For this exercise, copy the data exactly and omit any images.

>>>

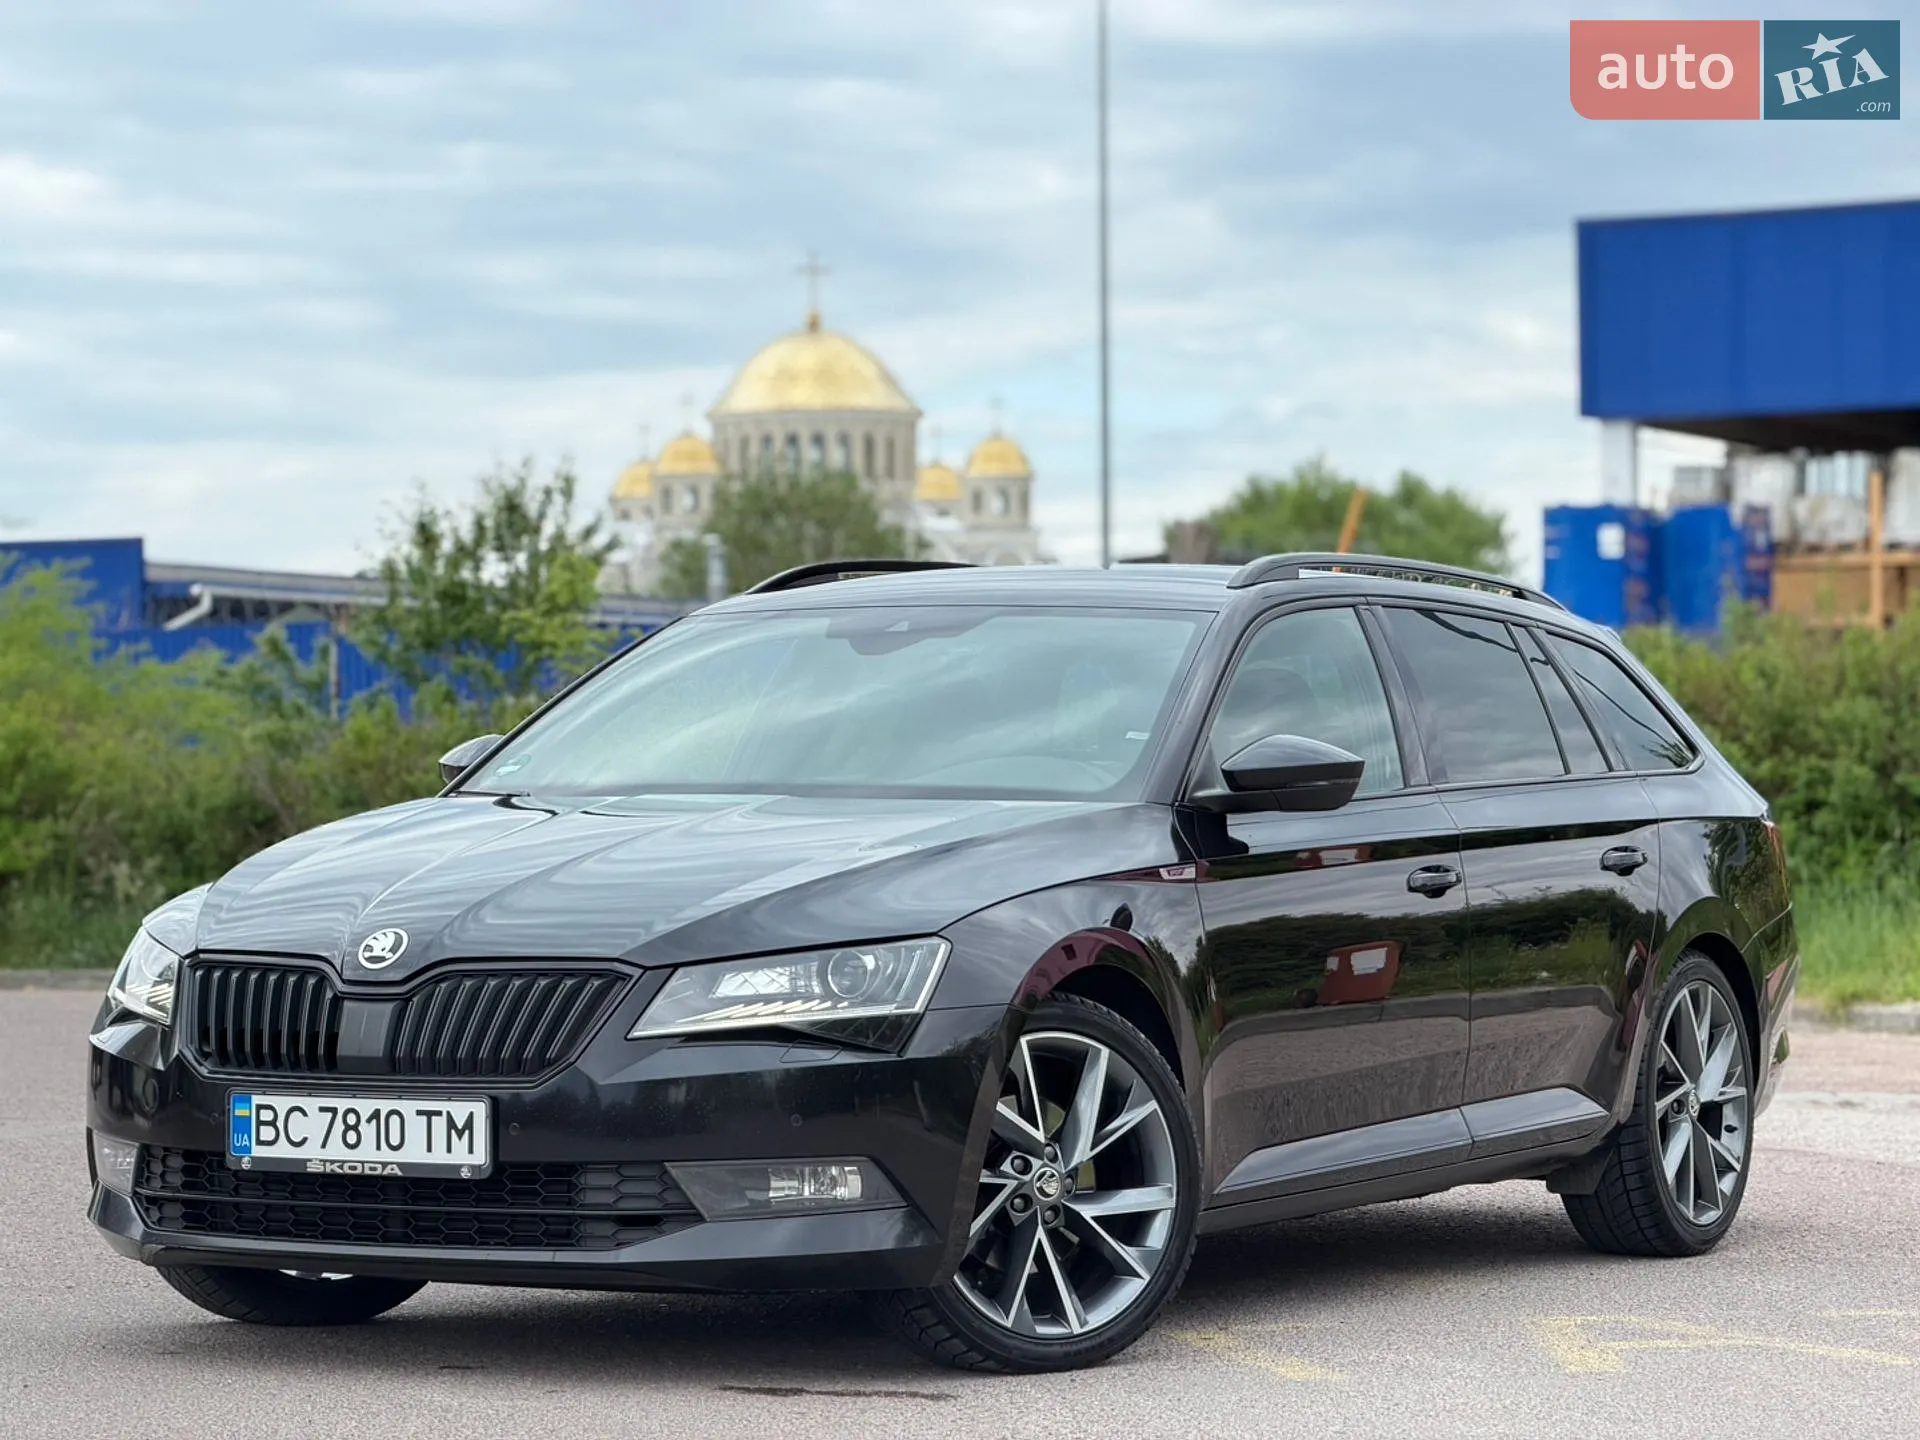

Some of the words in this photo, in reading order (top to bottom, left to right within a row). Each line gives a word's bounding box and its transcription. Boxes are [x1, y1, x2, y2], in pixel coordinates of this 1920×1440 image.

[255, 1103, 309, 1147] BC
[318, 1106, 405, 1151] 7810
[415, 1109, 474, 1154] TM
[234, 1133, 249, 1147] UA
[306, 1158, 403, 1176] ŠKODA
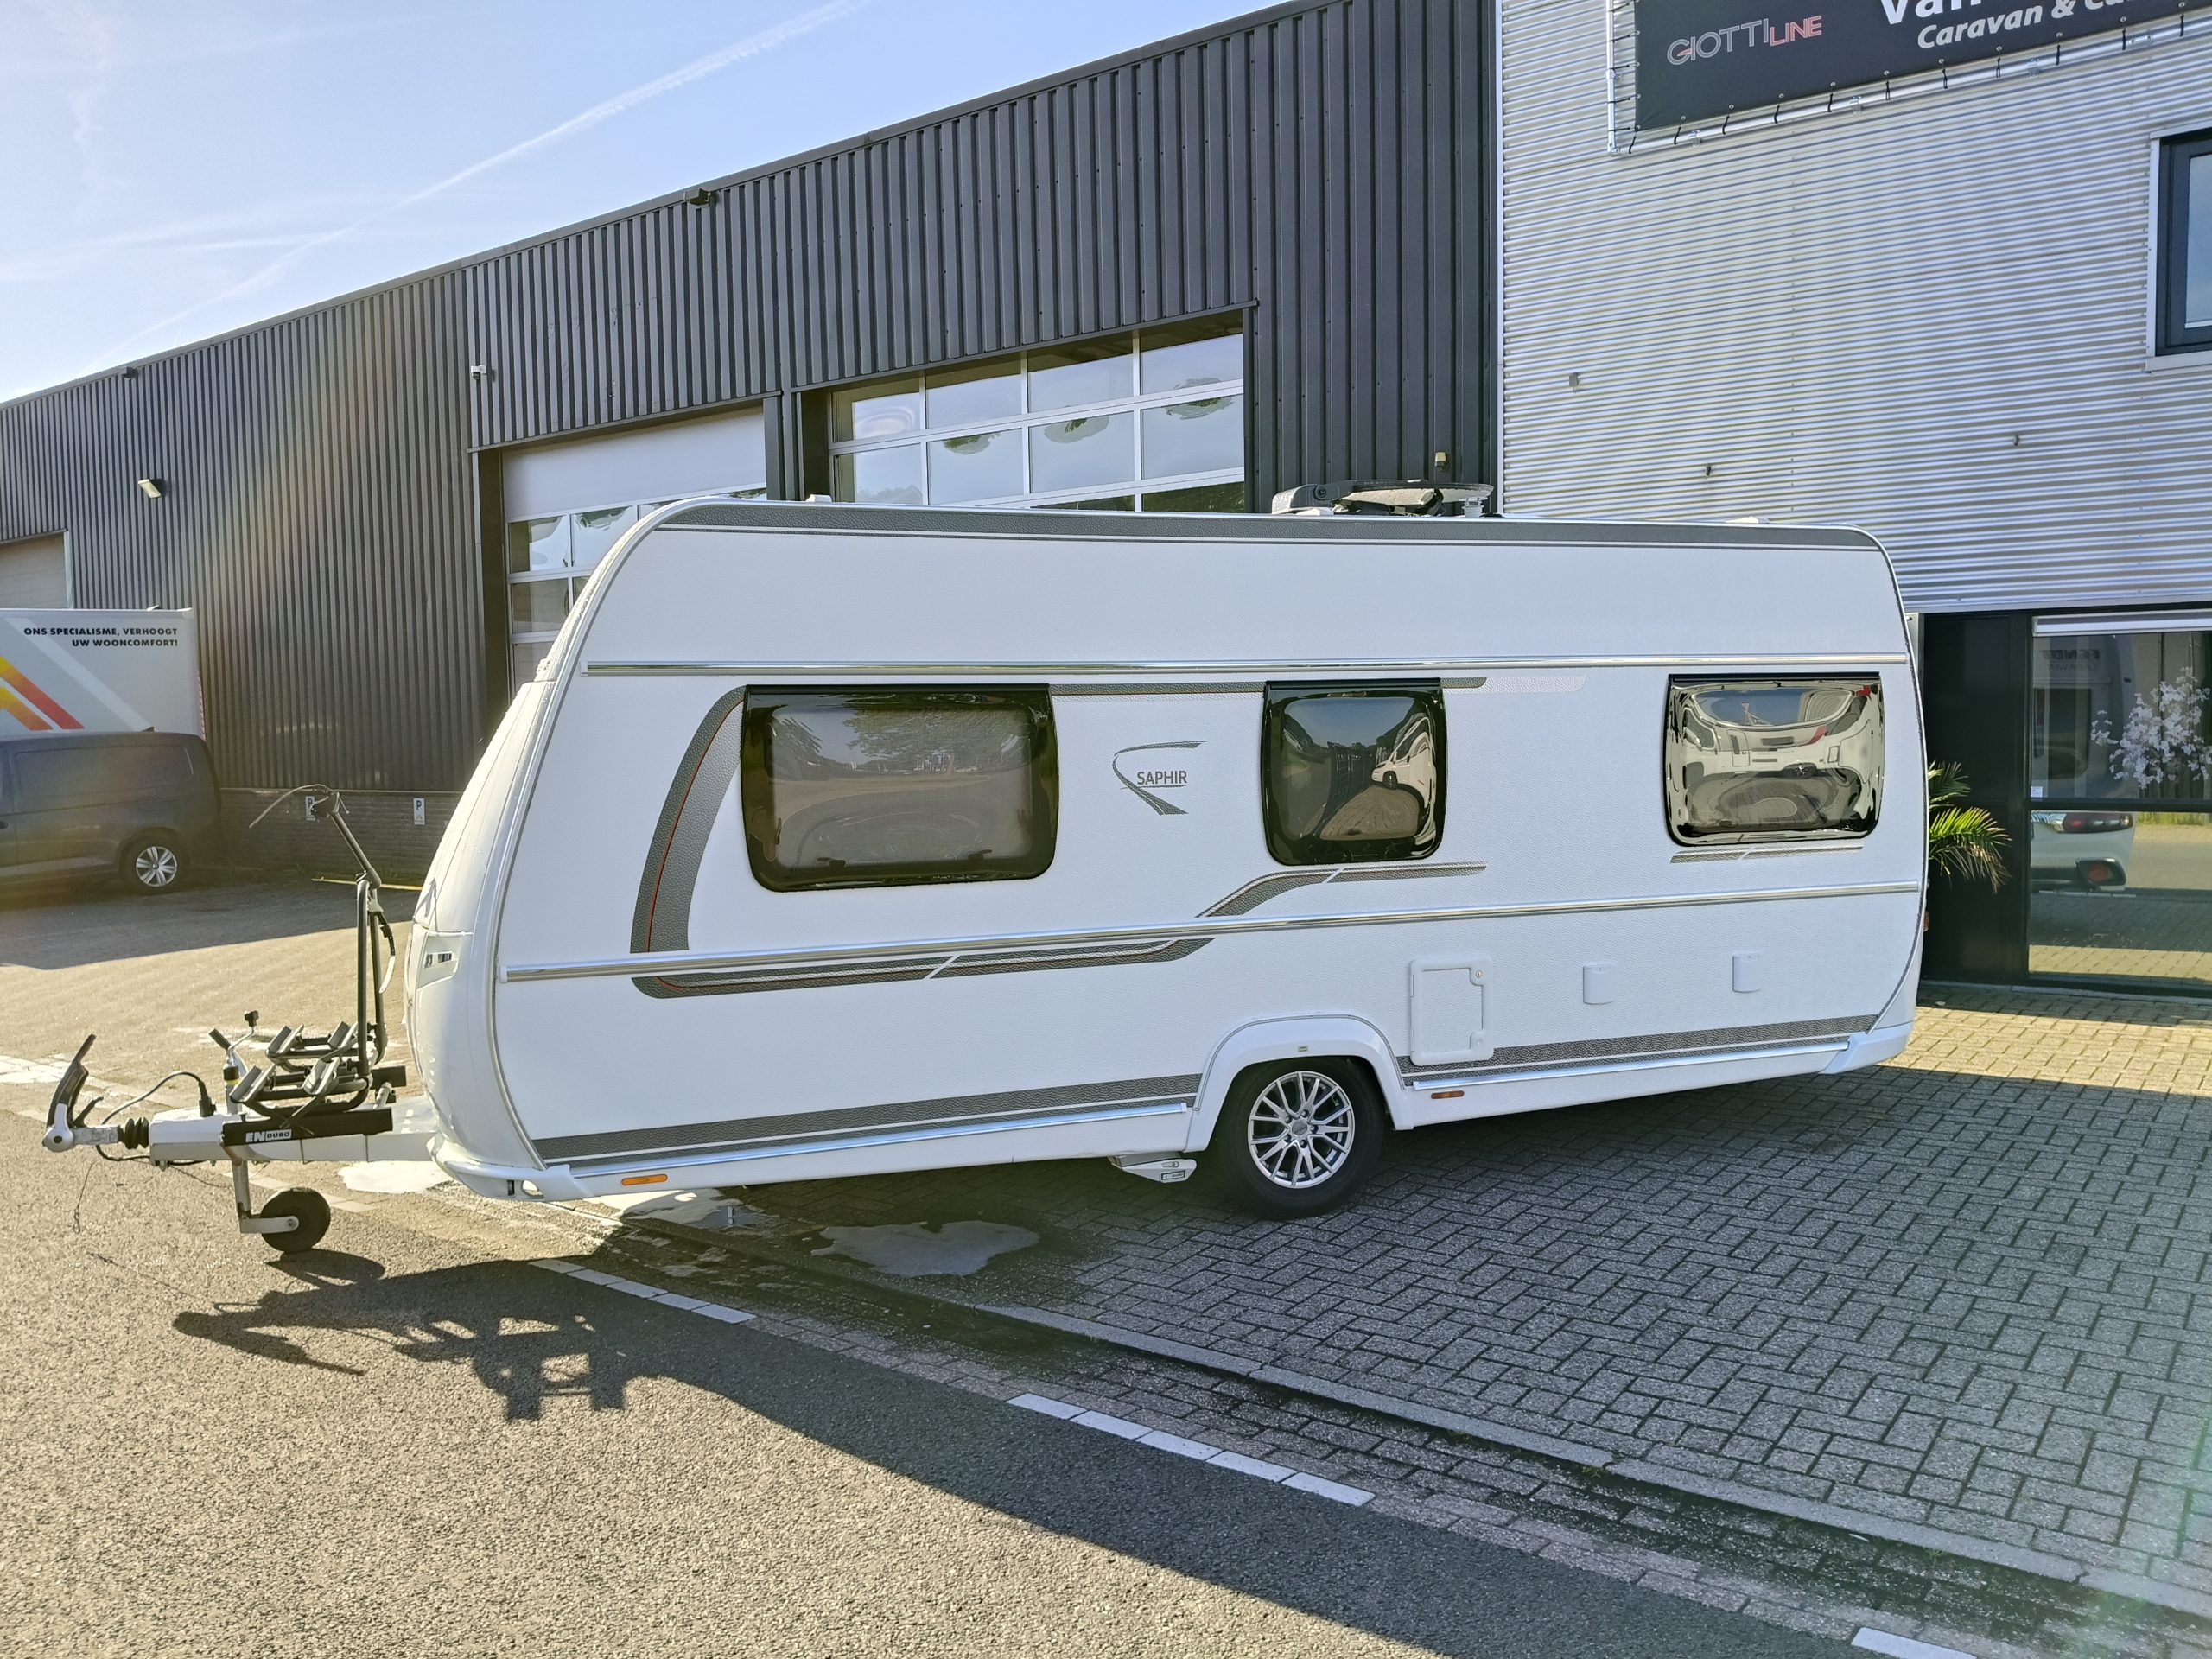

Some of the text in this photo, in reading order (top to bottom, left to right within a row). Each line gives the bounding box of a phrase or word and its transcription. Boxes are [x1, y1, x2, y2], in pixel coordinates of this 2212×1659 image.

[1917, 0, 2074, 49] Caravan &
[50, 627, 120, 637] SPECIALISME,
[1137, 770, 1188, 785] SAPHIR
[416, 800, 423, 810] P

<<<

## Expected answer
Some of the words in this photo, in reading order (top to bottom, left to right within a row). Each line gives a word's bounding box and its transcription. Boxes are [x1, y1, x2, y2], in pixel coordinates of this 1920×1440 image.

[255, 1103, 309, 1147] BC
[318, 1106, 405, 1151] 7810
[415, 1109, 474, 1154] TM
[234, 1133, 249, 1147] UA
[306, 1158, 403, 1176] ŠKODA

Some of the text in this photo, in reading order (top to bottom, left to right within a row). Each line gives the bounding box of a phrase or word and its transcription. Boxes are [x1, y1, x2, y2], in pixel coordinates of this 2212×1659 image.

[1917, 0, 2074, 49] Caravan &
[50, 627, 120, 637] SPECIALISME,
[1137, 770, 1188, 785] SAPHIR
[416, 800, 423, 810] P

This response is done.